Diabetic microangiopathy: physiopathological, clinical and therapeutic aspects.

New evidence about diabetic microangiopathy has enabled us to identify an integrated pathogenesis of diabetic complications, including classic metabolic pathways induced by hyperglycaemia, insulin-resistance, hyperinsulinaemia, hormonal alterations and growth factors. Oxidative stress is the most important cause of endothelial damage inducing leukocyte adhesion, altered coagulation and inflammation. Adhesion molecules are a marker of endothelial damage and a potential therapeutic target. Changes in the extracellular matrix induced by TGFbeta1 and lower levels of eparan-sulfate, increased thickness of basement membranes and loss of pericytes are early events of diabetic retinopathy and diabetic nephropathy.

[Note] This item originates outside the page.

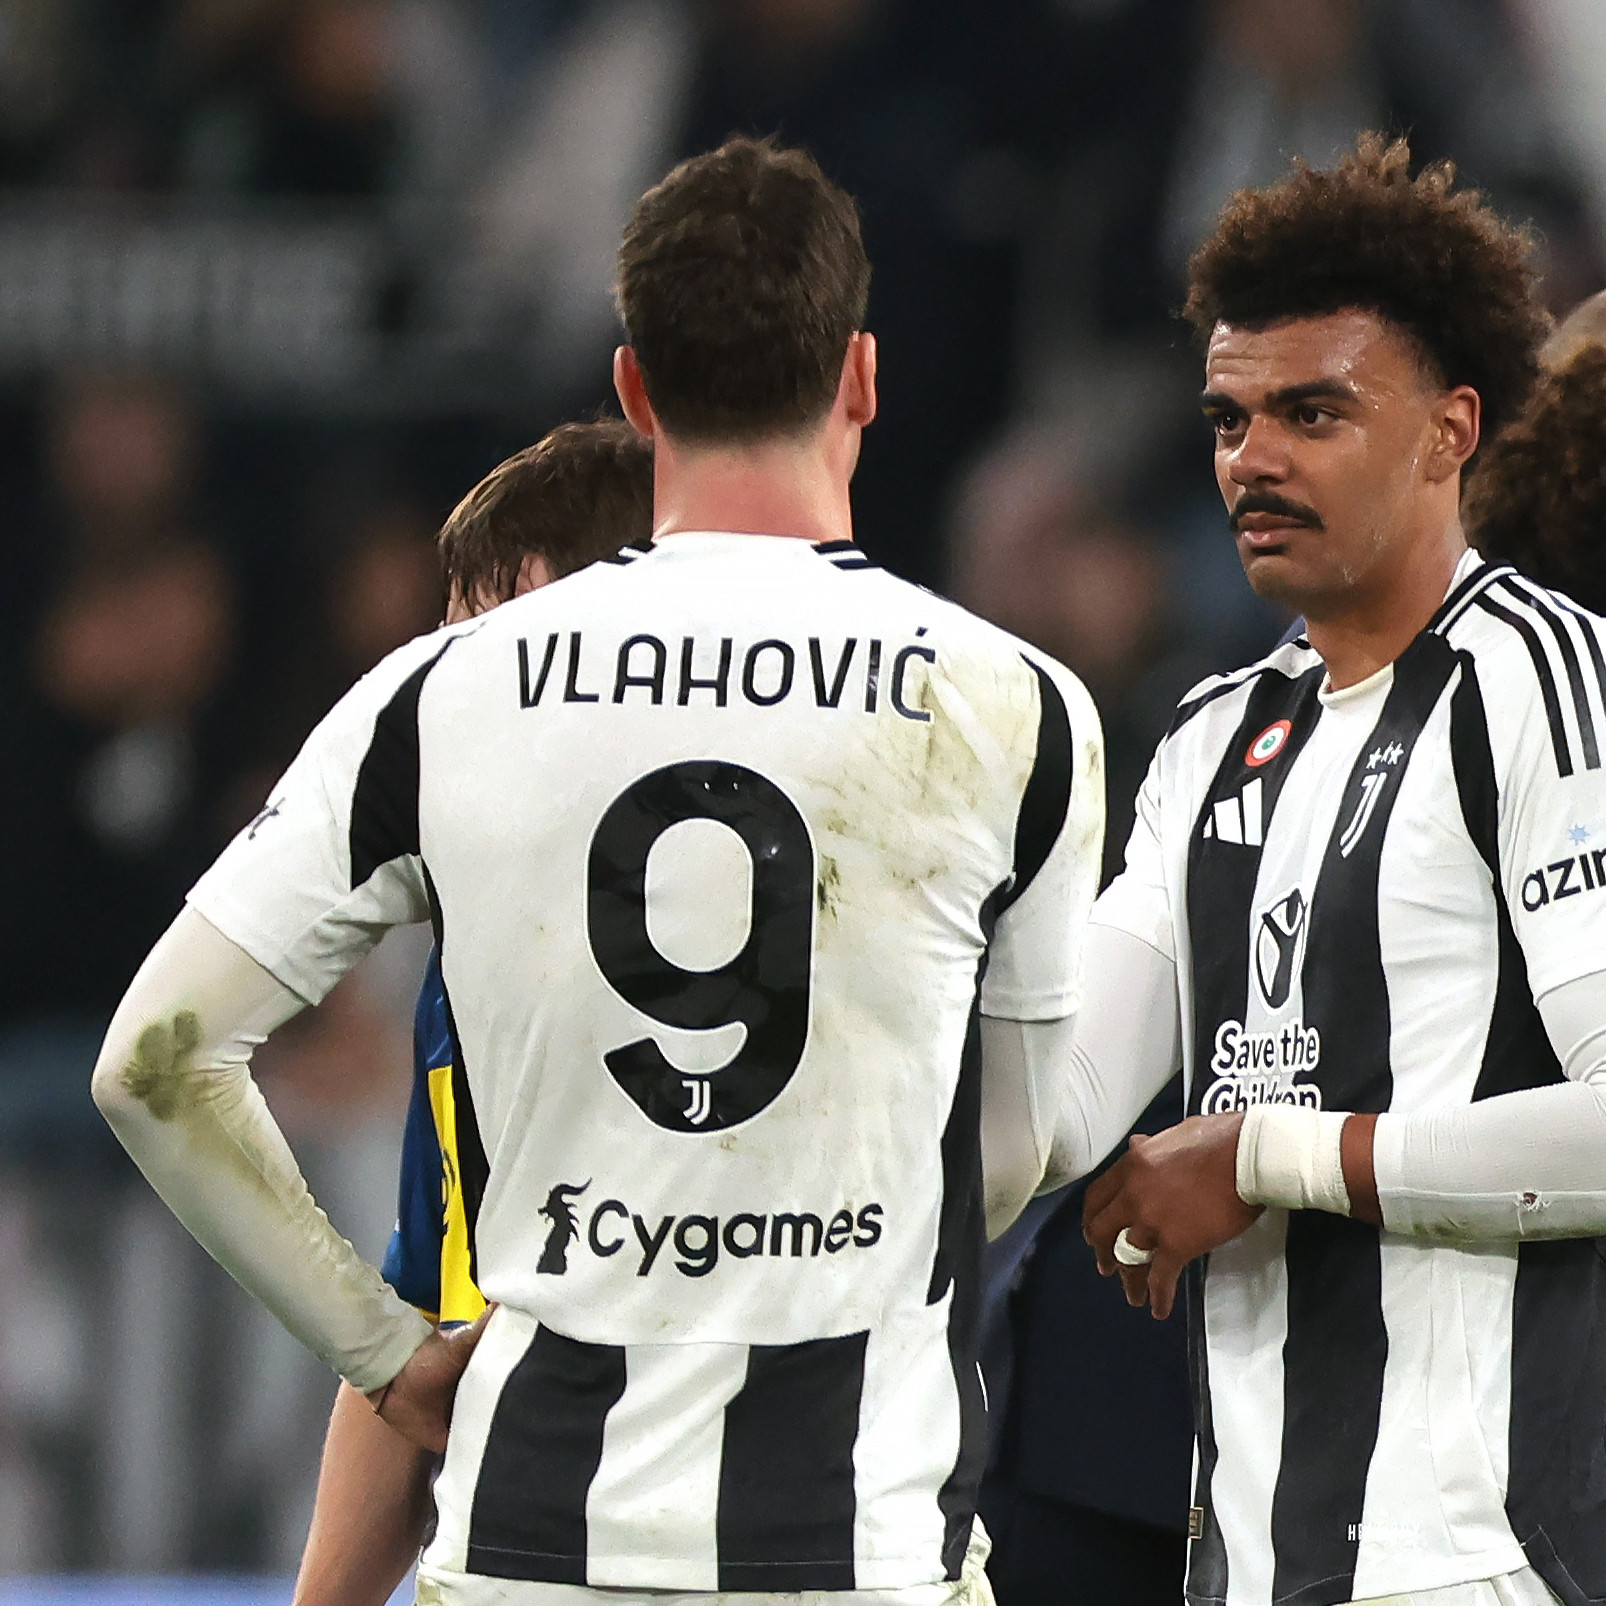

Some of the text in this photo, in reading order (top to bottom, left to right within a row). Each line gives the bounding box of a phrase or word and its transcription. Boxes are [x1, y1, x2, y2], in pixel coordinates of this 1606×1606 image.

[516, 625, 937, 722] VLAHOVIĆ
[587, 759, 815, 1133] 9
[1216, 1023, 1318, 1071] Save the
[587, 1199, 885, 1278] Cygames

Capillary rarefaction produced by genetic factors or by fetal undernourishment contributes to the beginning of insulin-resistance and hypertension. Psychophysical tests, electroretinogram and evoked potentials show retinal functional alterations; fundoscopy and retinal fluorescein angiography show retinal anatomic alterations. The diagnosis of diabetic neuropathy is based not only on traditional neurological examination and electroneurograms, but also on neurothesiometry for sensory testing. Medical treatment of diabetic microangiopathy is based on control of glycaemia, lipemia and blood pressure using glytazones, ACE-inhibitors, angiotensin II receptor antagonists and statins. New knowledgeabout microangiopathy pathogenesis suggests potential drugs for its therapy (ruboxistaurin, AGE-inhibitors, angiopoietin-1 and anti-VEGF, etc.), not yet on sale.